Records to process Start Marker
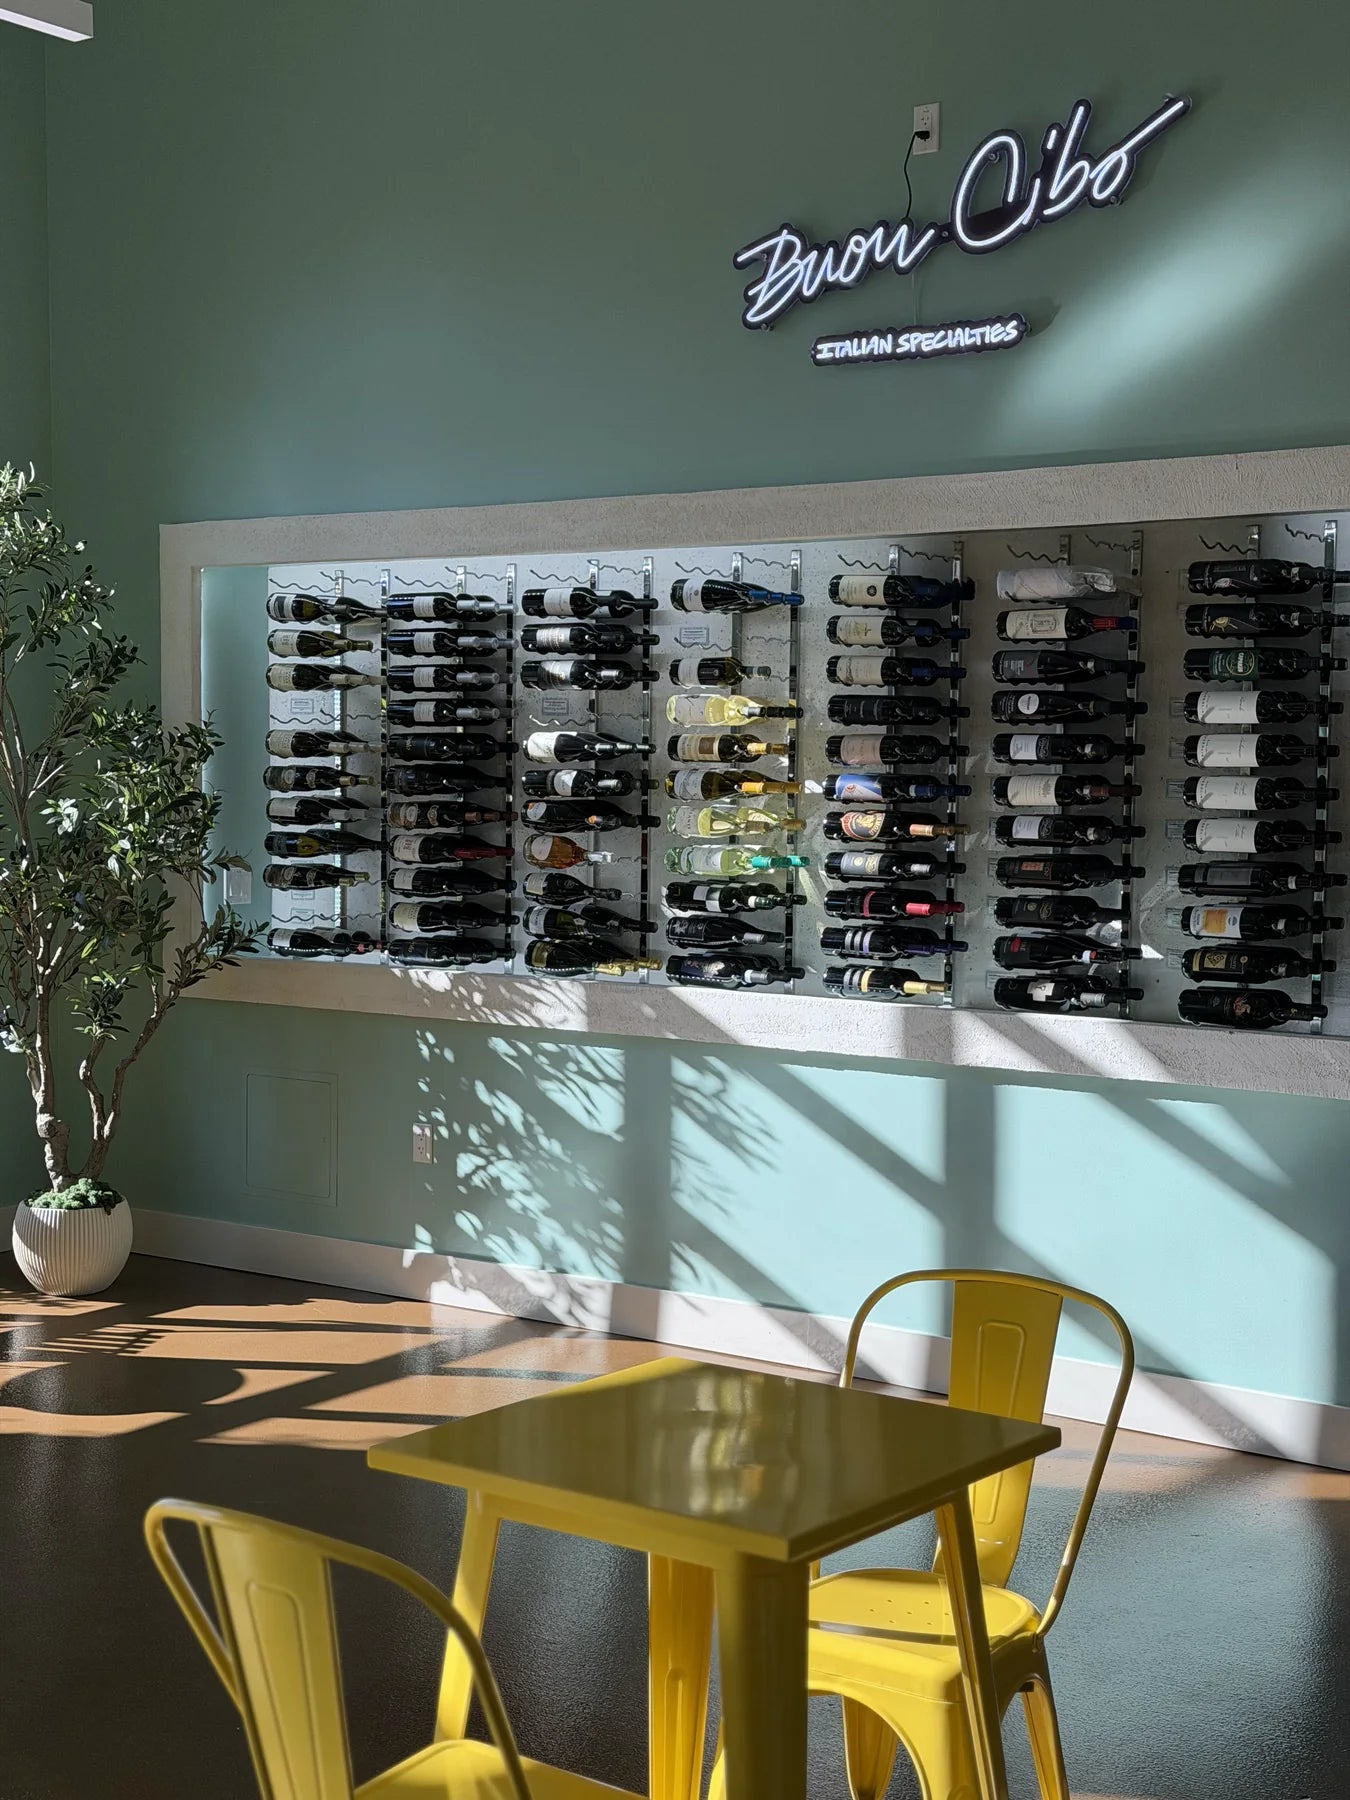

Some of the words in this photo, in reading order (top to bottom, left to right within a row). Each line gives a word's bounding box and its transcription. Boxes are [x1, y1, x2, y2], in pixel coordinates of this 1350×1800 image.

[736, 228, 936, 322] Buon
[954, 100, 1186, 248] Cibo
[816, 333, 893, 360] ITALIAN
[896, 319, 1019, 354] SPECIALTIES
Records to process End Marker
What you will do: Send back the listing exactly as it stands. Do not include the pictures.

Answer to the problem:
Some of the words in this photo, in reading order (top to bottom, left to right within a row). Each line gives a word's bounding box and its transcription. Boxes are [x1, y1, x2, y2], in pixel coordinates of this 1350×1800 image.

[736, 228, 936, 322] Buon
[954, 100, 1186, 248] Cibo
[816, 333, 893, 360] ITALIAN
[896, 319, 1019, 354] SPECIALTIES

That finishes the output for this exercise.